If your iguana has been tamed, and is used to your presence, an extended dewlap may signify it is just a little drafty and it's making an attempt to make itself feel warmer.

Iguana Mannerisms

  • Head Bobbing: I am the man of the house?

  • Head Bobbing: (to owner) "Howdy Mate!"

  • Head Bobbing: (fast, laterally then up and down) I'm threatened do not go near me!

  • Tongue Flicking: Just exploring the air. Possibly eating something.

  • Tongue Flicking: I'm about to take a bite from something.

  • Sneezing: I'm purging my system of something.

  • Tail Whipping: I'm planning to attack.?

  • Squirming Around: I do not like being held.

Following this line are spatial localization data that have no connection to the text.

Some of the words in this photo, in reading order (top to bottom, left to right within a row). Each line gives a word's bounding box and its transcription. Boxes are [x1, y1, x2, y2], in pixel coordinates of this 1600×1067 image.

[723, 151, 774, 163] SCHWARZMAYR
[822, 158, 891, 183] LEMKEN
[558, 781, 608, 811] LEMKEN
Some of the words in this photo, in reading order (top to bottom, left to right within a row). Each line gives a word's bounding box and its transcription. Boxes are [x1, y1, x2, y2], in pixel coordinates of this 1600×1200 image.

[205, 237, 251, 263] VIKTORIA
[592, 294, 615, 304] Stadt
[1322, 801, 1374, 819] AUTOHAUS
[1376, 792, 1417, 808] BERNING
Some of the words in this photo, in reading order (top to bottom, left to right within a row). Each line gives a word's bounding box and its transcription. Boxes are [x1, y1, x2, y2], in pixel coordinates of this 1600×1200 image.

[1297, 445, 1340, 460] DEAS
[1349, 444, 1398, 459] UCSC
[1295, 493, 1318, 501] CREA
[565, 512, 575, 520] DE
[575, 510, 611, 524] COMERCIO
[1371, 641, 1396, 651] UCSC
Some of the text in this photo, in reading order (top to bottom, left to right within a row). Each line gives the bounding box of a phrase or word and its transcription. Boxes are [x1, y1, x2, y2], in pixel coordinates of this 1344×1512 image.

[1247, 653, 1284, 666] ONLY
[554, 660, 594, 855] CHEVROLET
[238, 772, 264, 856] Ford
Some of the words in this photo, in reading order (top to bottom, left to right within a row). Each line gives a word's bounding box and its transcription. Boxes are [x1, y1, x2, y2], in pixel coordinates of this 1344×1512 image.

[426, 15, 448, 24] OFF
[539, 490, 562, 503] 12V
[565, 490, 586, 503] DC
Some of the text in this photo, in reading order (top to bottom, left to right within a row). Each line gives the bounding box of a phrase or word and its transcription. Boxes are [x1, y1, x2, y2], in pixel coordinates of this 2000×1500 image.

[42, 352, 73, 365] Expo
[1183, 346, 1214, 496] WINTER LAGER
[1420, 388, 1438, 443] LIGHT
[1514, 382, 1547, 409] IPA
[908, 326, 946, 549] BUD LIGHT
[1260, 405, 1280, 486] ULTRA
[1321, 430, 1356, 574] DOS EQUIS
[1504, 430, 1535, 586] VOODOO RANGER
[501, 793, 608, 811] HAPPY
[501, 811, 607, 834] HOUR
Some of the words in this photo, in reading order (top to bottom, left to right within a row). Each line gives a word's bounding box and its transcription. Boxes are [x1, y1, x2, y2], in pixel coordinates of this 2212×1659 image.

  • Head and Front Legs Stretching: I feel great and I feel good!

  • Iguana Anatomy
    Just like other reptiles, your iguana has a set of eyes that have evolved to scan the environment for food and potential predators. It has a pair of ears that are protected by a fairly wide element of skin called the subtympanic shield.

    The iguana also forms spines along its back; these pliable spines are called the caudal spines and, as time passes, these grow in length and become harder. Iguanas also have a flap of skin under their lower jaw known as the dewlap.

    Iguanas are herbivorous (they are nourished by plants only), so they are equipped with small, yet very sharp, teeth that are designed to tear apart fibrous plant matter. Be cautious when bringing your hands near the iguana's mouth, because those teeth can cause serious tears in your skin. If you look closely at the top of the iguana's head, you will observe a prominent, light patch of scale.

    This is called the parietal eye, or third eye. The iguana uses its third eye to detect changes in light in a given area. It is thought this primordial eye is also used to detect flying predators, hence the iguana can make a run for cover before becoming another animal's lunch or dinner.

    It is essential to learn about iguana behavior and mannerisms. The basic facts discussed in the article should help to decipher your iguana's moods. Don't forget that no two iguanas are exactly alike so you must also learn the personality of your new pet. Ask questions and gather as much information as possible to ensure that your iguana is long lived well cared for.